**WORK ITEM:** Print the data exactly. Pictures stay out.

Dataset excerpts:

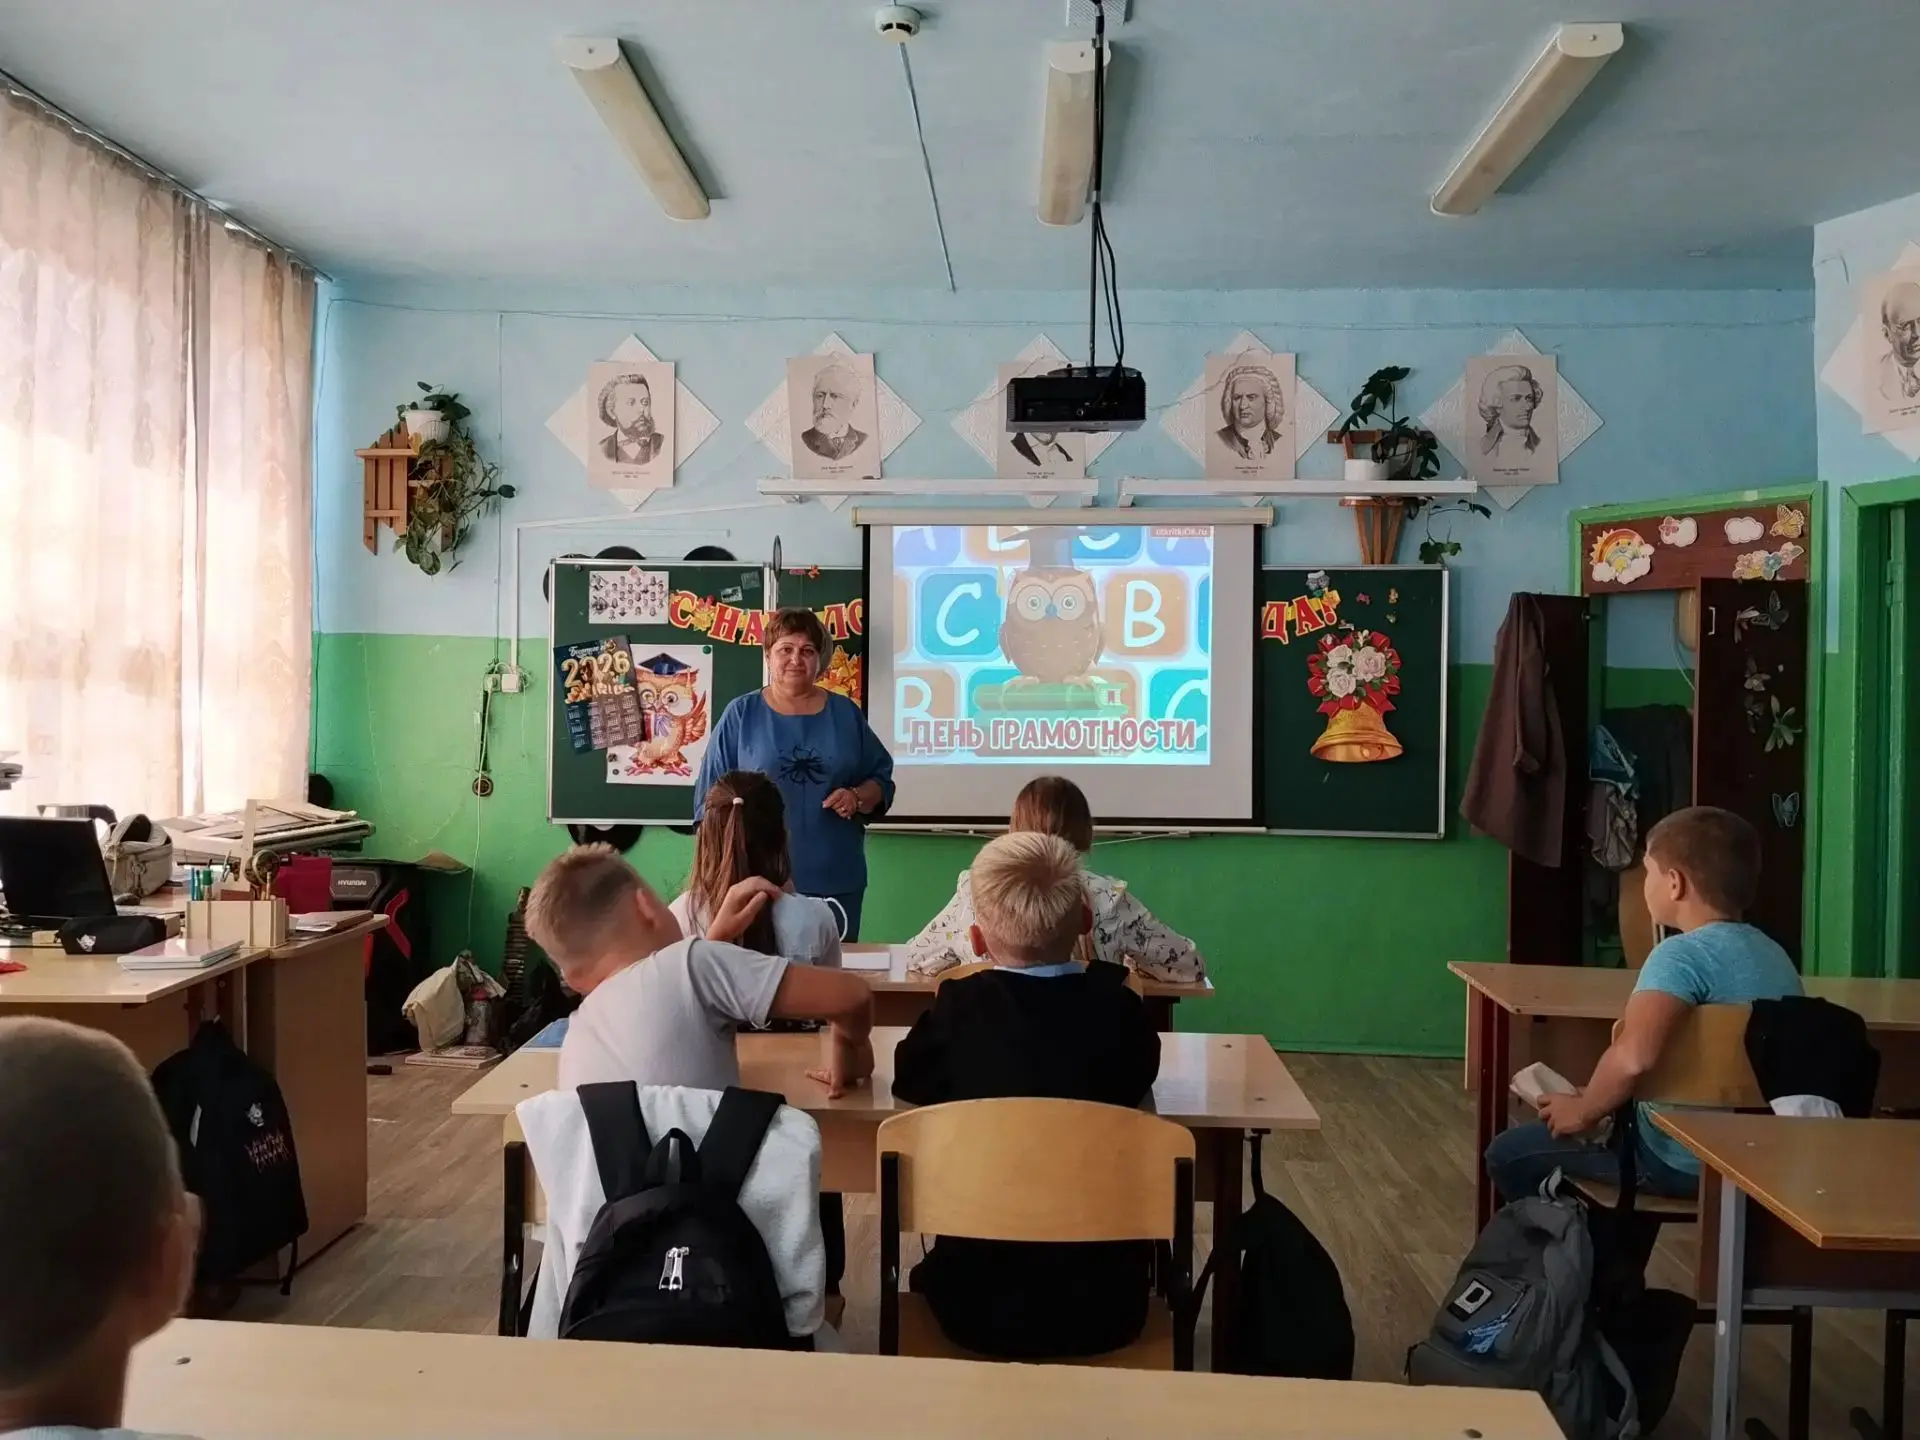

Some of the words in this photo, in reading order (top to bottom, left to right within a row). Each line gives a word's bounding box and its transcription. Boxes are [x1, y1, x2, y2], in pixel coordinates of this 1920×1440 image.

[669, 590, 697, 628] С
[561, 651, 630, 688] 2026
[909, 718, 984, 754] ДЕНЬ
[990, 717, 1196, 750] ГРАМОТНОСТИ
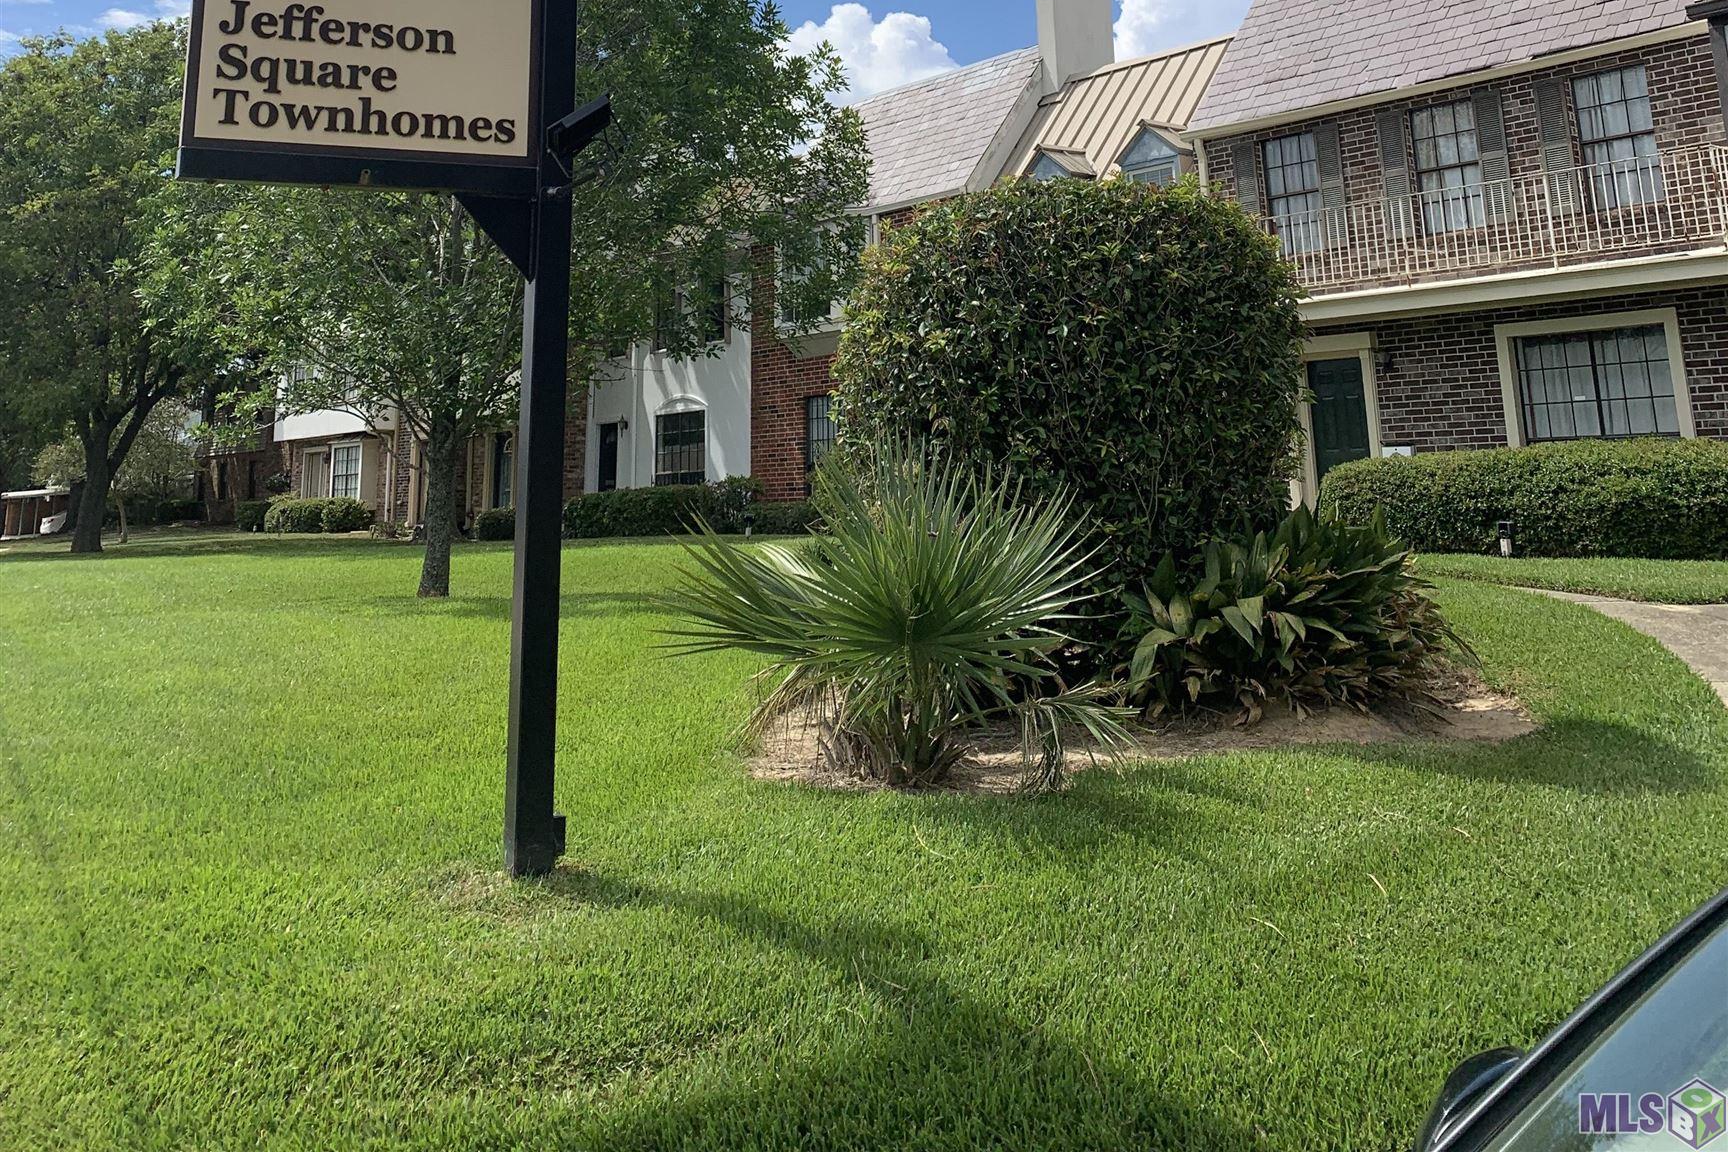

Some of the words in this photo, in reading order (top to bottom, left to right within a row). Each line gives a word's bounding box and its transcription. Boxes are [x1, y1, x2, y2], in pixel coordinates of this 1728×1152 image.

**WRITTEN ANSWER:**
Some of the words in this photo, in reading order (top to bottom, left to right within a row). Each line gives a word's bounding box and its transcription. Boxes are [x1, y1, x2, y2], in pixel coordinates of this 1920×1440 image.

[669, 590, 697, 628] С
[561, 651, 630, 688] 2026
[909, 718, 984, 754] ДЕНЬ
[990, 717, 1196, 750] ГРАМОТНОСТИ

Some of the words in this photo, in reading order (top to bottom, left to right within a row). Each line gives a word's bounding box and its transcription. Boxes are [x1, y1, x2, y2], in pixel coordinates of this 1728×1152 image.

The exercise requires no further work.